From the line with "this 1137×1706 image." down to the final line of the records below, retype everything exactly and leave out the rest.

── SUPPLIED MATERIAL ──

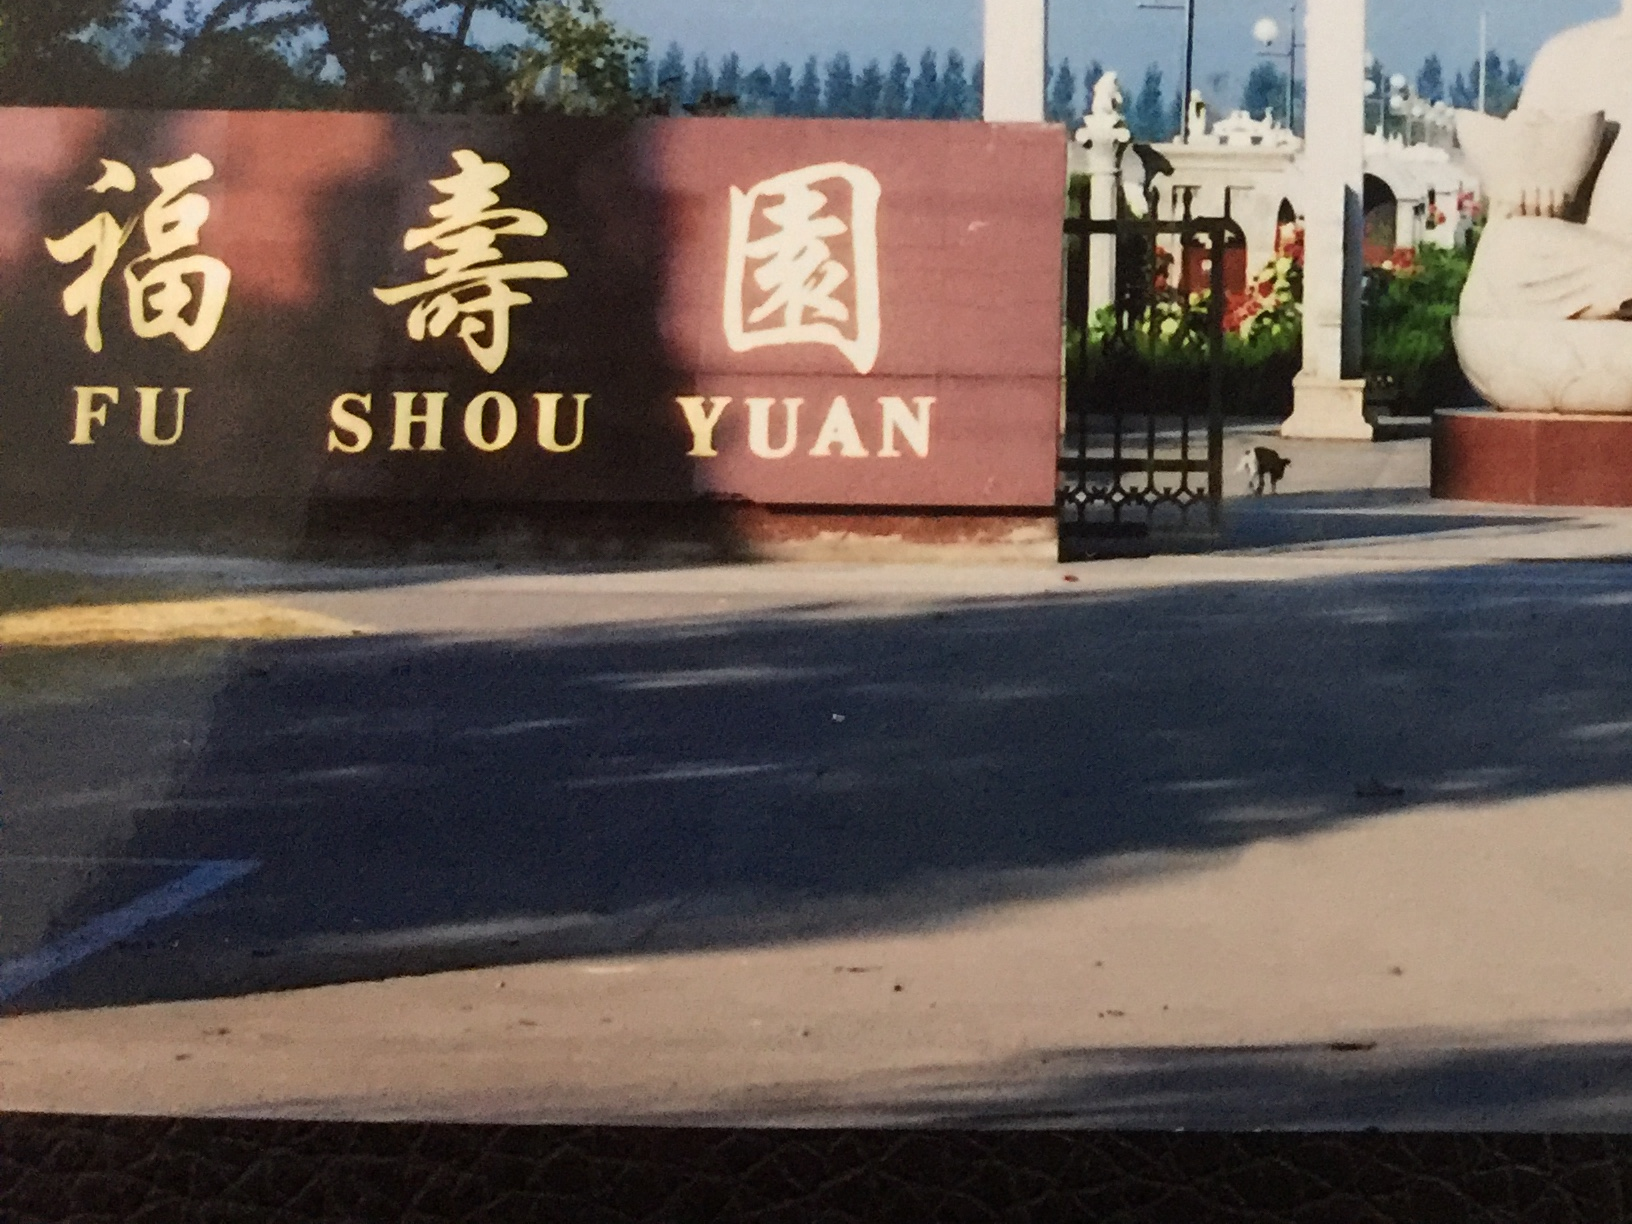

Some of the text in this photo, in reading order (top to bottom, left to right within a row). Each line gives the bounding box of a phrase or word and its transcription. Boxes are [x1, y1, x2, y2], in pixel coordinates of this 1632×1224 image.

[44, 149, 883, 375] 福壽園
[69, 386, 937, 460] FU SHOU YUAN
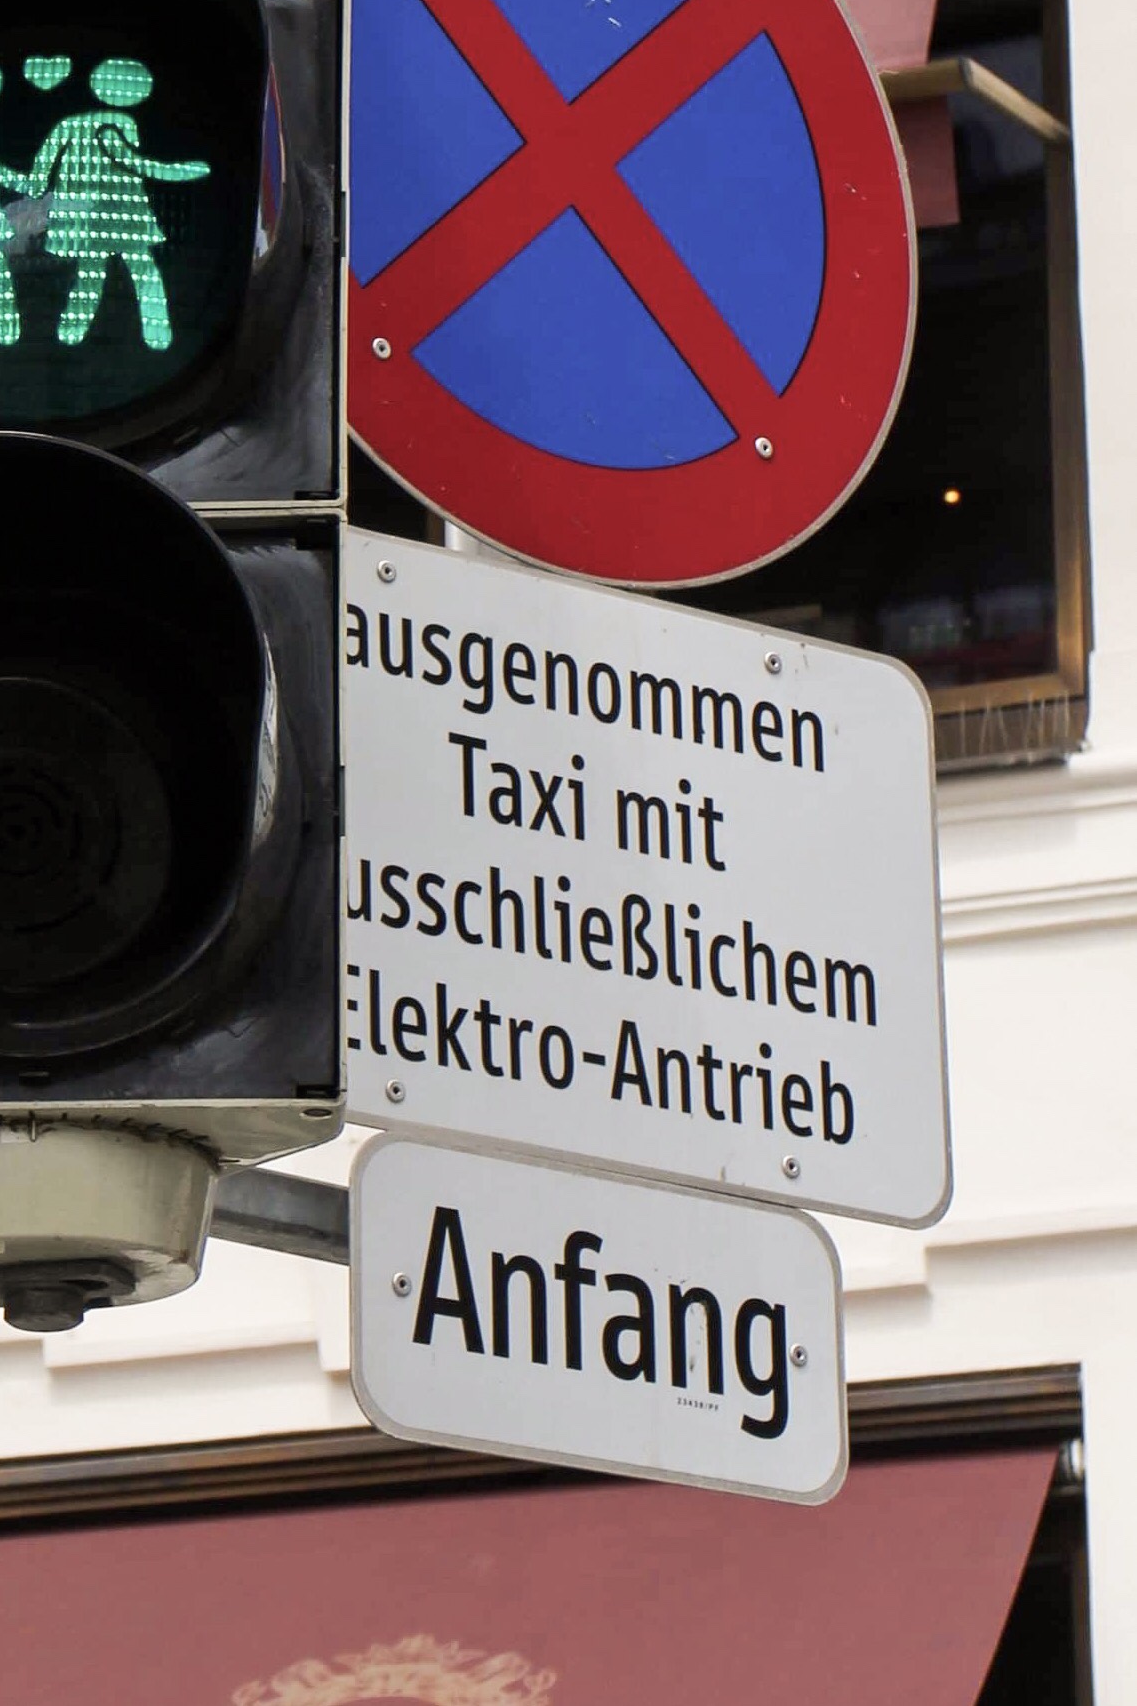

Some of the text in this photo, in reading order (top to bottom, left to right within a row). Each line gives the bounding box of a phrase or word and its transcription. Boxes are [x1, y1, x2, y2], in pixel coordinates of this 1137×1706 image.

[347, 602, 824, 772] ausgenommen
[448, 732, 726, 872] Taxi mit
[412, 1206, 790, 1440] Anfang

───

# EXERCISE OUTPUT:
Some of the text in this photo, in reading order (top to bottom, left to right within a row). Each line gives the bounding box of a phrase or word and its transcription. Boxes are [x1, y1, x2, y2], in pixel coordinates of this 1137×1706 image.

[347, 602, 824, 772] ausgenommen
[448, 732, 726, 872] Taxi mit
[412, 1206, 790, 1440] Anfang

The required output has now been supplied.